Moreover, I thought conservatism was about small government and cutting budgets? Why is Rubio saying he wants to be more of a spendthrift than Barack Obama in this sector?

“BAIER: Senator Rubio?

RUBIO: . . .

But I want to be frank about what I stand for. I believe the world is a safer and a better place when America is the strongest power in the world. And I believe only with a strong America will we defeat this radical group, this apocalyptic group called ISIS.

That’s why when I’m president we are going to rebuild our intelligence capabilities. And they’re going to tell us where the terrorists are. And a rebuilt U.S. military is going to destroy these terrorists.

And if we capture any of these ISIS killers alive, they are going to Guantanamo Bay, Cuba, and we’re going to find out everything they know, because when I’m president, unlike Barack Obama, we will keep this country safe.”

Moreover, Rubio’s implication that the US doesn’t know where the terrorists are is odd. Daesh (ISIL, ISIS) is different from other terrorist groups precisely in trying to hold recognized territory, so we know exactly where they are.

Finally, here’s the tally for keeping America safe on American soil:

# Americans killed by terrorism under last GOP administration: over 3,000

# Americans killed by terrorism under Obama: 88

So by the same argument used in the second Bush term, Obama has done a rather good job of keeping the US safe. (The 88 figure, by the way, includes both radical Muslim and white terrorist attacks).

As for global terrorism, it did go up from 2003. Billmon tweeted in response to Rubio,

His point was that the US invasion and occupation of Iraq appears to have kicked off the rise in terrorist attacks. Rubio promises more such adventurism and war crimes, so the idea that he would reduce terrorism is to say the least implausible.

Senator Rand Paul also let Rubio have it with regard to NSA warrantless snooping, which is clearly unconstitutional:

“The bulk collection of your phone data, the invasion of your privacy did not stop one terrorist attack. I don’t think you have to give up your liberty for a false sense of security.

When we look at this bulk collection, the court has looked at this. Even the court declared it to be illegal. If we want to collect the records of terrorists, let’s do it the old fashioned way. Let’s use the Fourth Amendment. Let’s put a name on a warrant, let’s ask a judge for it. Let’s respect the history of our country.

John Adams said that we fought a War for Independence because we wanted to fight against generalized warrants. Let’s don’t forget that. ”

Ben Carson said unintelligible things and added, “The American people are terrified. That’s why we have this abnormal situation going on right now.”

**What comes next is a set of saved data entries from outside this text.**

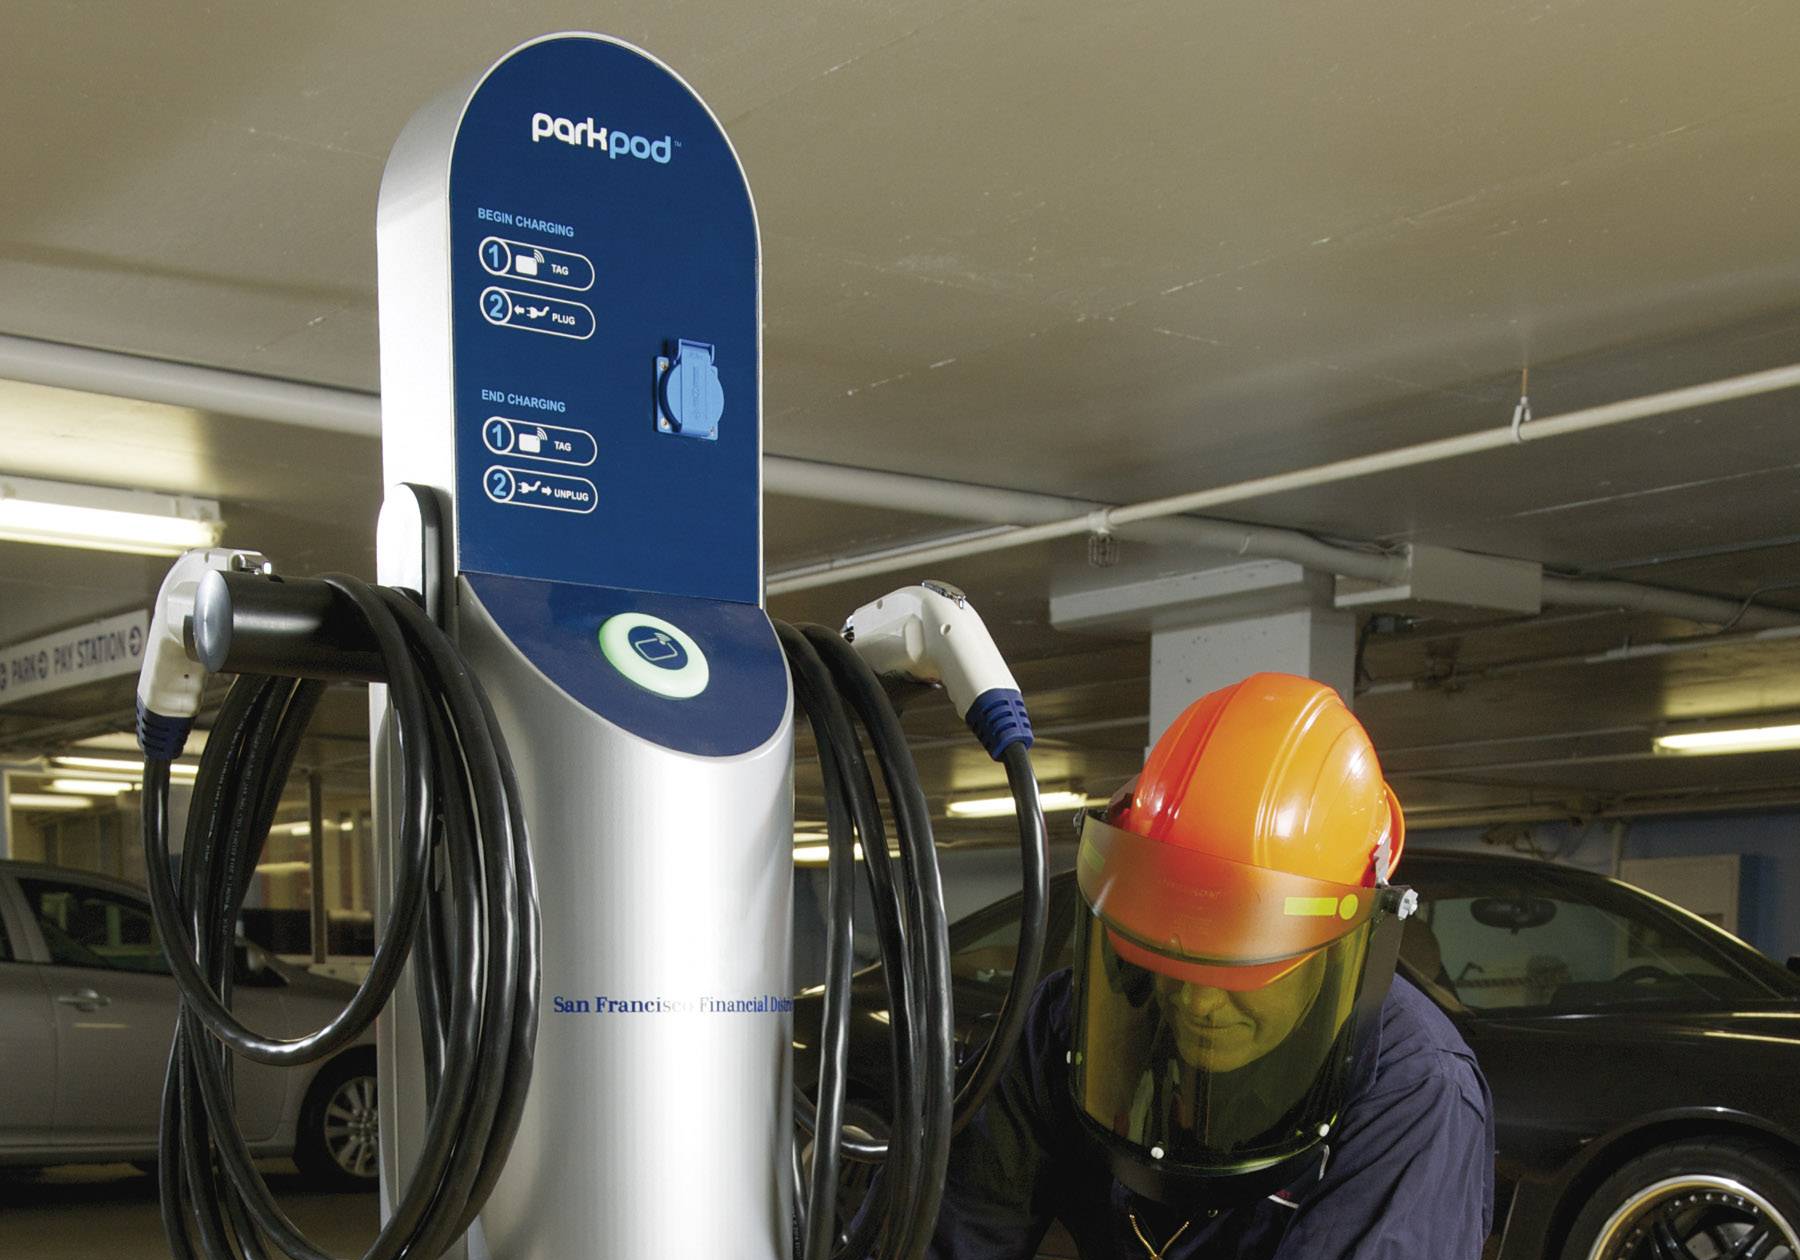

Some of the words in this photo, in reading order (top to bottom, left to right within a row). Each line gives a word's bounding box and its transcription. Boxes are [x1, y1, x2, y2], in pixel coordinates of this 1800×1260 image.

[532, 112, 672, 164] parkpod
[477, 207, 513, 226] BEGIN
[515, 215, 575, 238] CHARGING
[488, 244, 499, 268] 1
[551, 263, 569, 276] TAG
[489, 294, 503, 318] 2
[551, 312, 576, 326] PLUG
[481, 389, 505, 403] END
[507, 394, 566, 413] CHARGING
[492, 424, 503, 447] 1
[554, 440, 572, 452] TAG
[493, 472, 507, 496] 2
[553, 488, 589, 502] UNPLUG
[78, 630, 127, 668] STATION
[553, 996, 590, 1013] San
[700, 995, 769, 1013] Financial

There isn’t any reason for the American people to be terrified except that the Republican presidential candidates have been trying to make them terrified so as to herd them into the voting booth on their side. The US has no major geopolitical adversaries that might attack it (we do have a big nuclear arsenal and the best-equipped military in the world). You are much more likely to die from being struck by lighting than to die of terrorism, and if you were to die of terrorism it would more likely be at the hands of radicalized white people than at the hands of a Muslim radical. I remember the Cuban missile crisis. Now that was scary. Nowadays there isn’t any menace like that. Chill, Ben.

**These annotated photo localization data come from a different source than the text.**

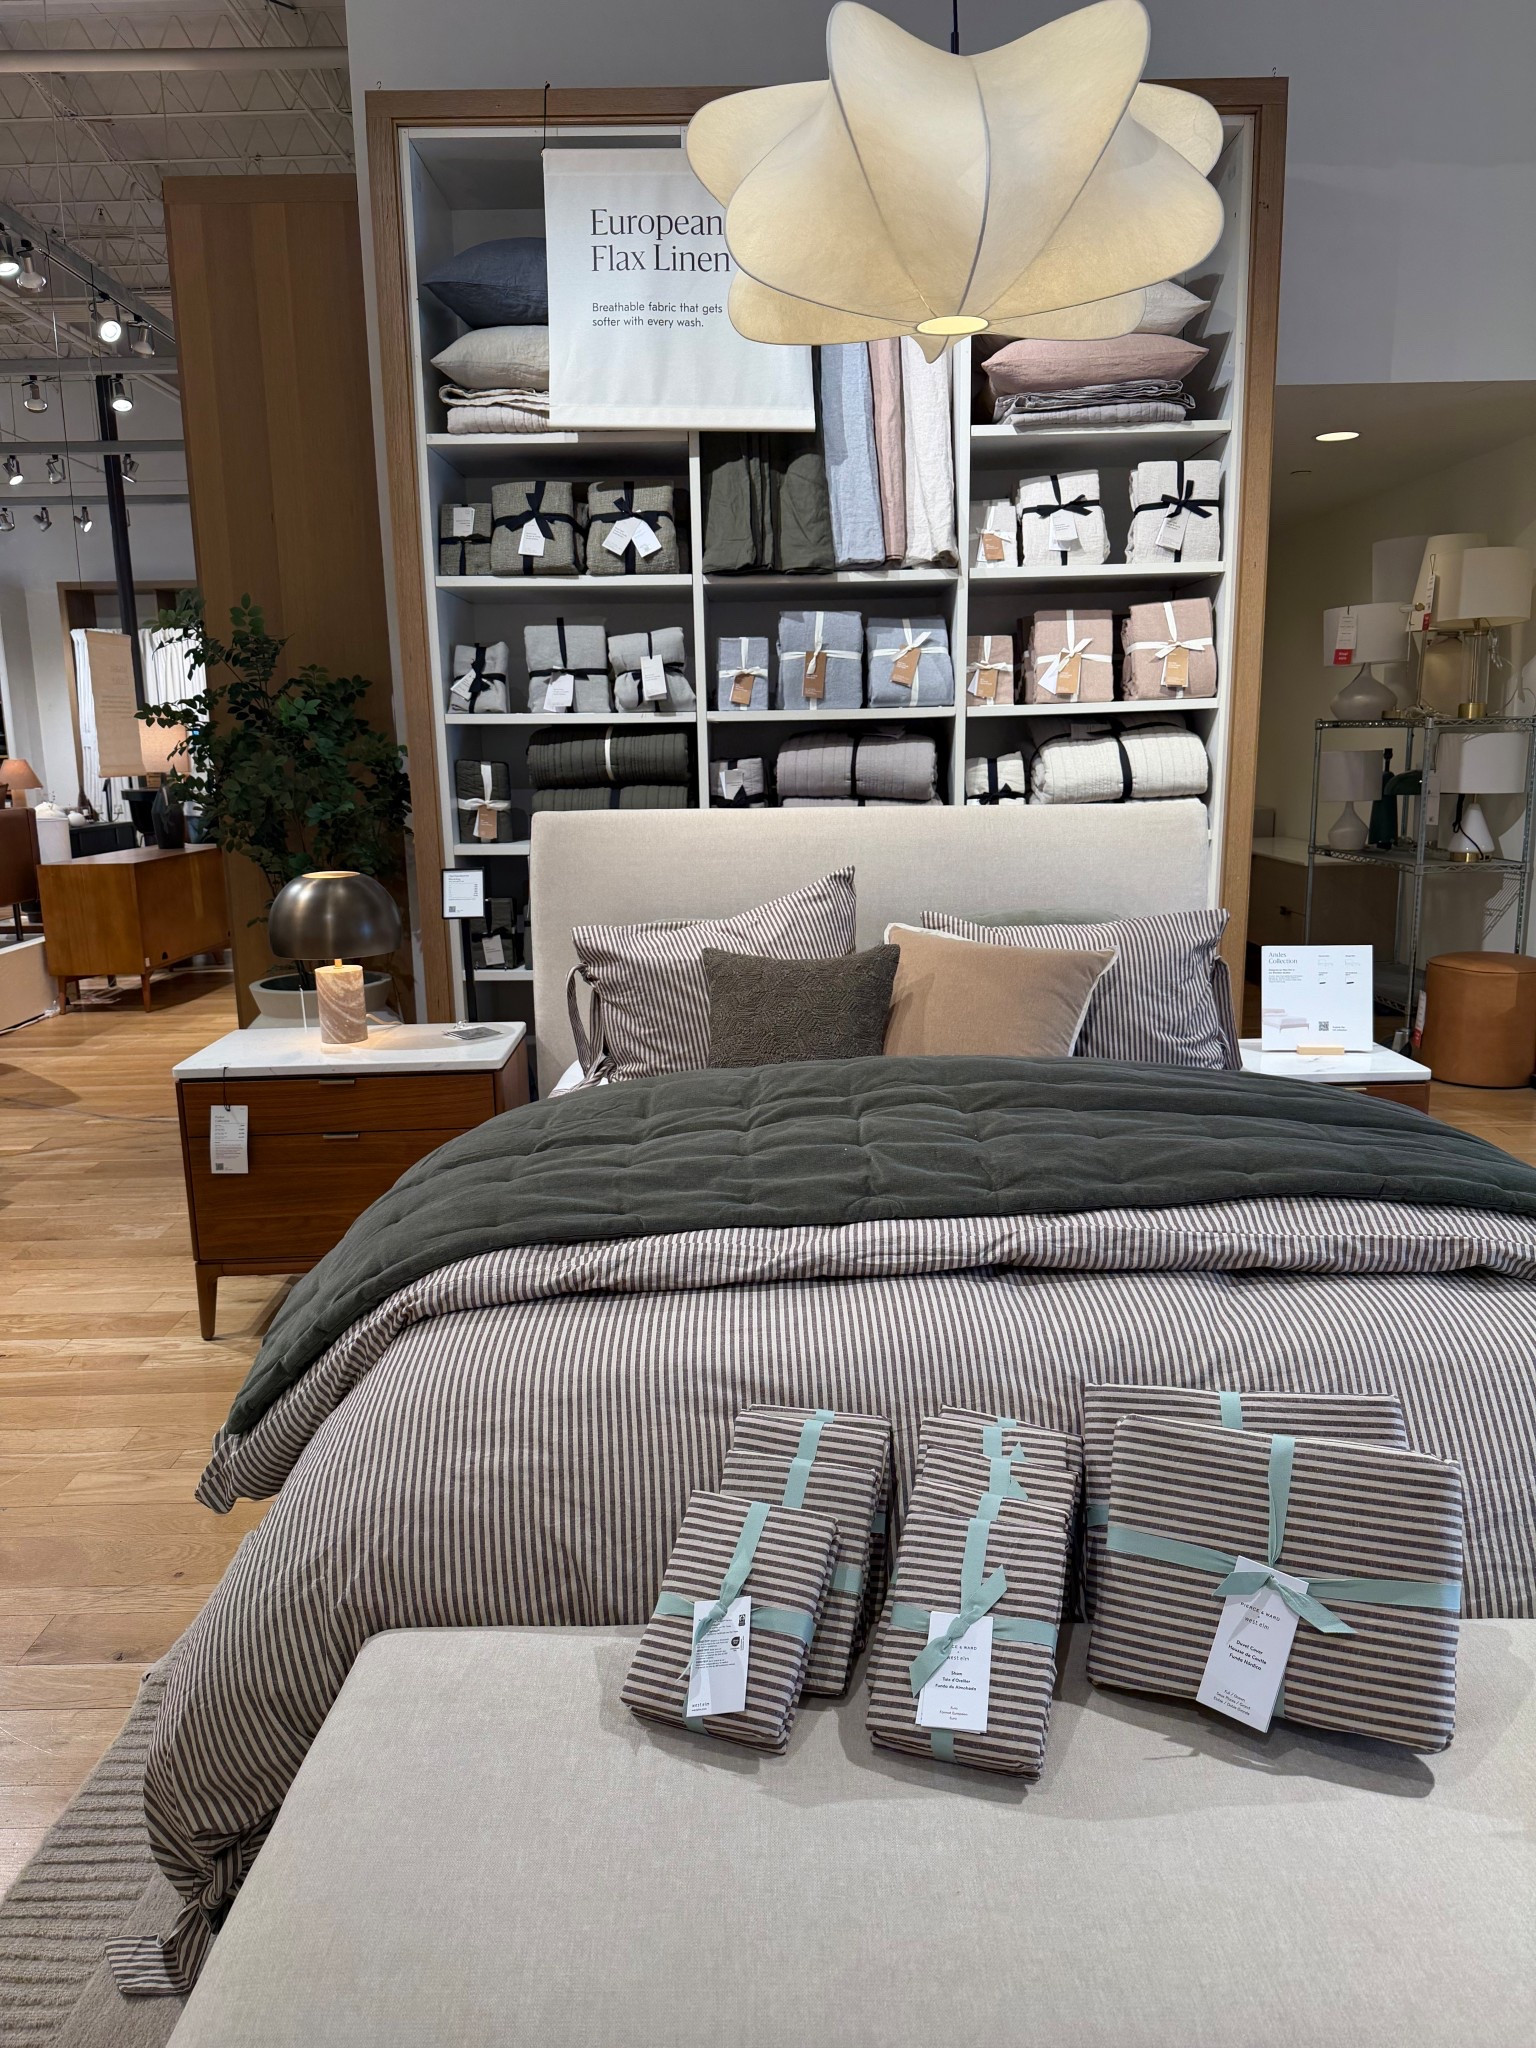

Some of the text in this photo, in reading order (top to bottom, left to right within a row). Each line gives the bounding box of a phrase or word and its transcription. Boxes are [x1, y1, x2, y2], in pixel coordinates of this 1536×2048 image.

[590, 208, 724, 240] European
[591, 244, 731, 272] Flax Linen
[592, 302, 723, 315] Breathable fabric that gets
[592, 316, 704, 329] softer with every wash.
[1240, 1602, 1260, 1613] PIERCE
[1265, 1612, 1281, 1622] WARD
[1244, 1617, 1270, 1630] west elm
[1236, 1640, 1263, 1655] Duvet Cover
[1229, 1653, 1243, 1662] Funda

Chris Wallace pointed out to Ted Cruz that he keeps voting against the defense budget while demanding bigger defense budgets. Cruz said,

“You know, you claim it is tough talk to discuss carpet bombing. It is not tough talk. It is a different, fundamental military strategy than what we’ve seen from Barack Obama. Barack Obama right now, number one, over seven years, has dramatically degraded our military. You know, just two weeks ago was the 25th anniversary of the first Persian Gulf war. When that war began, we had 8,000 planes. Today, we have about 4,000. When that war began, we had 529 ships. Today, we have 272.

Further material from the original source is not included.